- **Raw data**
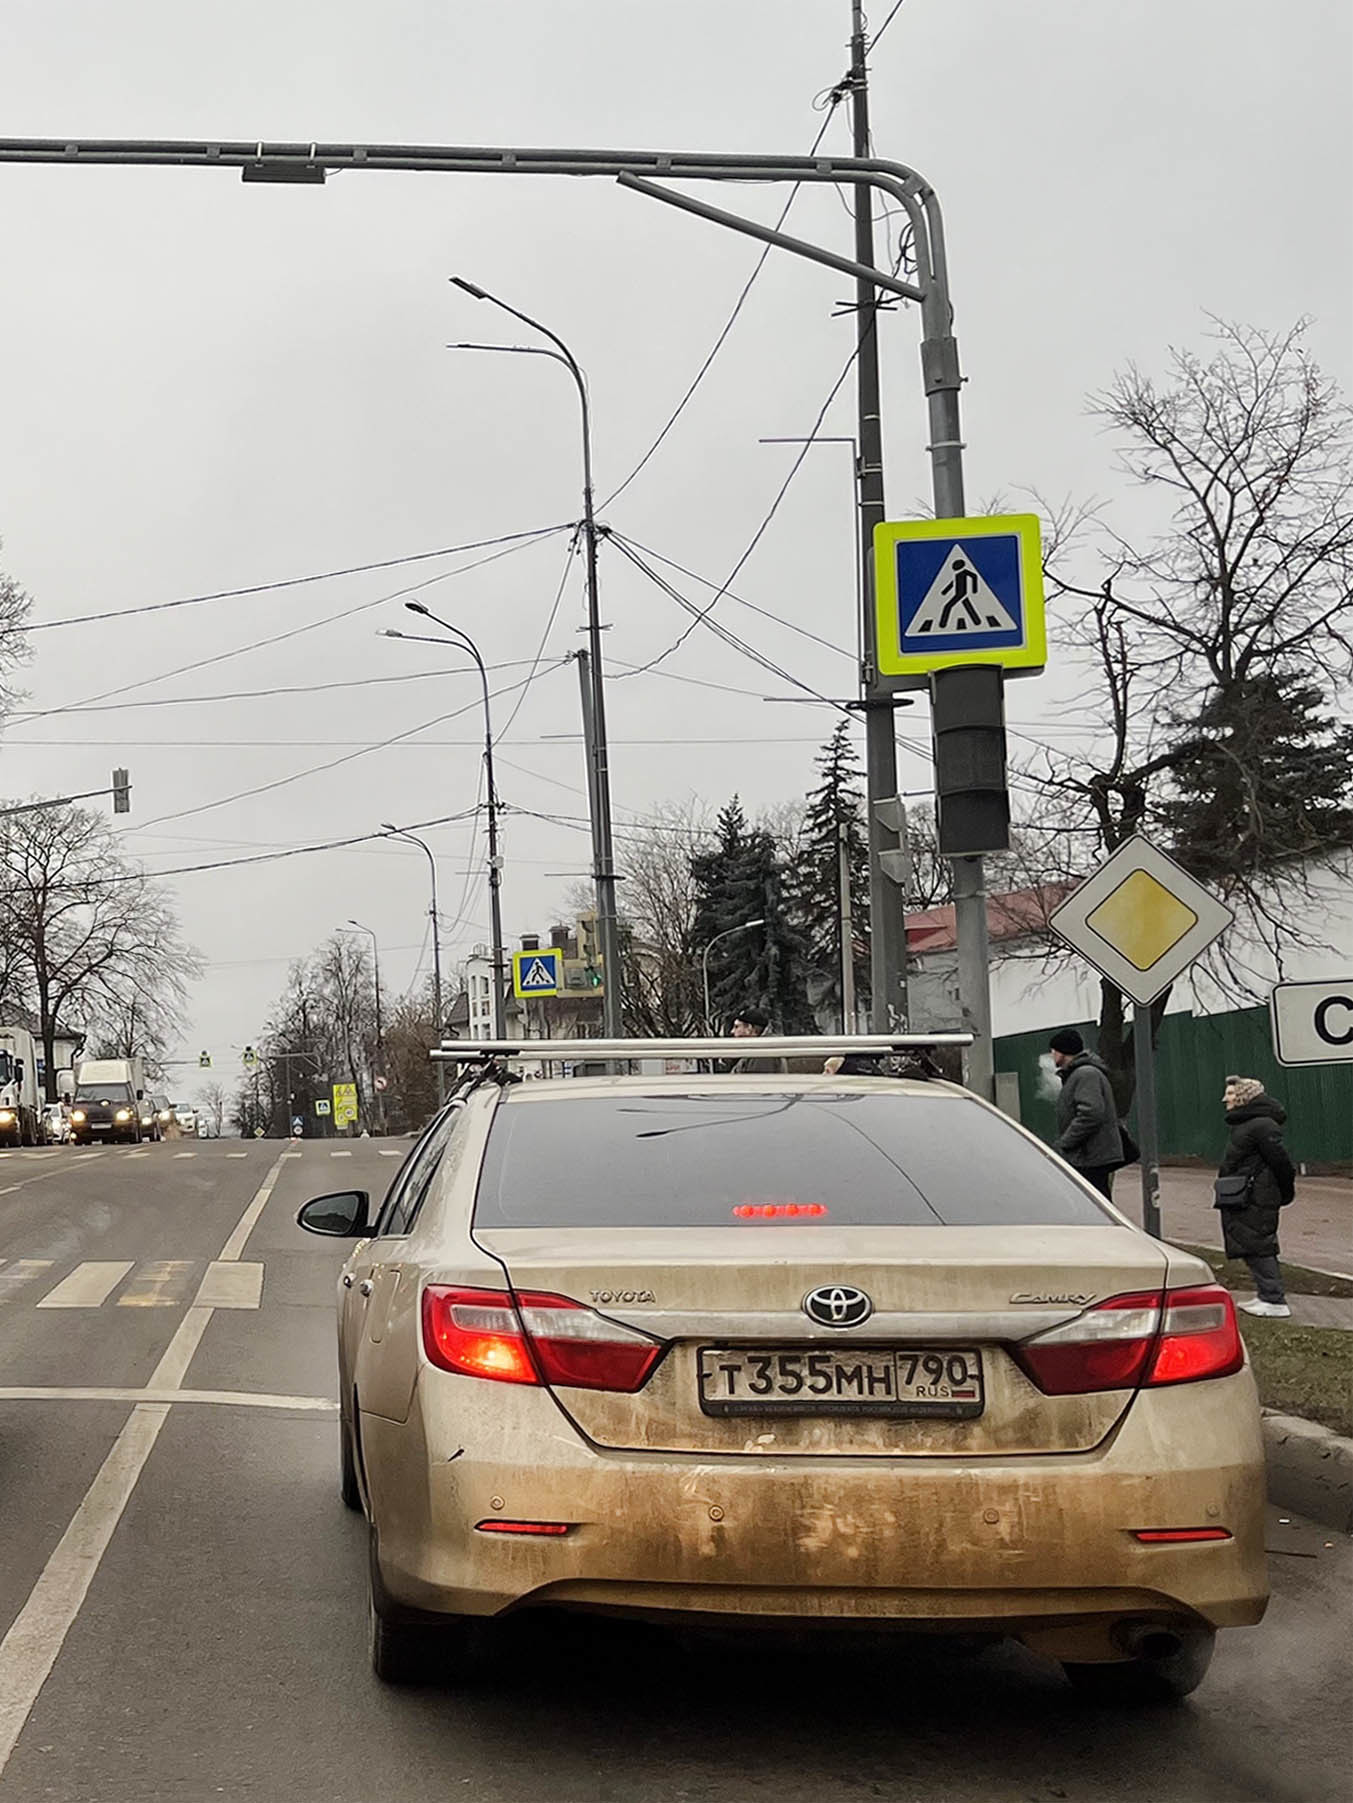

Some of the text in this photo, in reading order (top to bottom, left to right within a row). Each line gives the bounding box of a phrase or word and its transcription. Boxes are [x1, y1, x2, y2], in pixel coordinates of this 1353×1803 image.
==
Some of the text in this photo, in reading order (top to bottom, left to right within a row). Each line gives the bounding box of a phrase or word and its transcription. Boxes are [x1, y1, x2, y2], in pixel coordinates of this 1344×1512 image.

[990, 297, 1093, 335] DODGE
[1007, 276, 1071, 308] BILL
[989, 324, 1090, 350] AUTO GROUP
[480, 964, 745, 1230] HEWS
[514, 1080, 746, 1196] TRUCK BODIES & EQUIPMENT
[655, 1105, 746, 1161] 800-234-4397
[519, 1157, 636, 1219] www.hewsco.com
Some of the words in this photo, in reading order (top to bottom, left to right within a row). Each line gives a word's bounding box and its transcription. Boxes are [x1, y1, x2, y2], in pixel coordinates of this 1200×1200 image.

- **Exercise requirements**
Beginning with the line containing "this 1344×1512 image." in the material above, copy every line exactly until you have copied the line containing "Some of the words".

- **Response to the task**
Some of the text in this photo, in reading order (top to bottom, left to right within a row). Each line gives the bounding box of a phrase or word and its transcription. Boxes are [x1, y1, x2, y2], in pixel coordinates of this 1344×1512 image.

[990, 297, 1093, 335] DODGE
[1007, 276, 1071, 308] BILL
[989, 324, 1090, 350] AUTO GROUP
[480, 964, 745, 1230] HEWS
[514, 1080, 746, 1196] TRUCK BODIES & EQUIPMENT
[655, 1105, 746, 1161] 800-234-4397
[519, 1157, 636, 1219] www.hewsco.com
Some of the words in this photo, in reading order (top to bottom, left to right within a row). Each line gives a word's bounding box and its transcription. Boxes are [x1, y1, x2, y2], in pixel coordinates of this 1200×1200 image.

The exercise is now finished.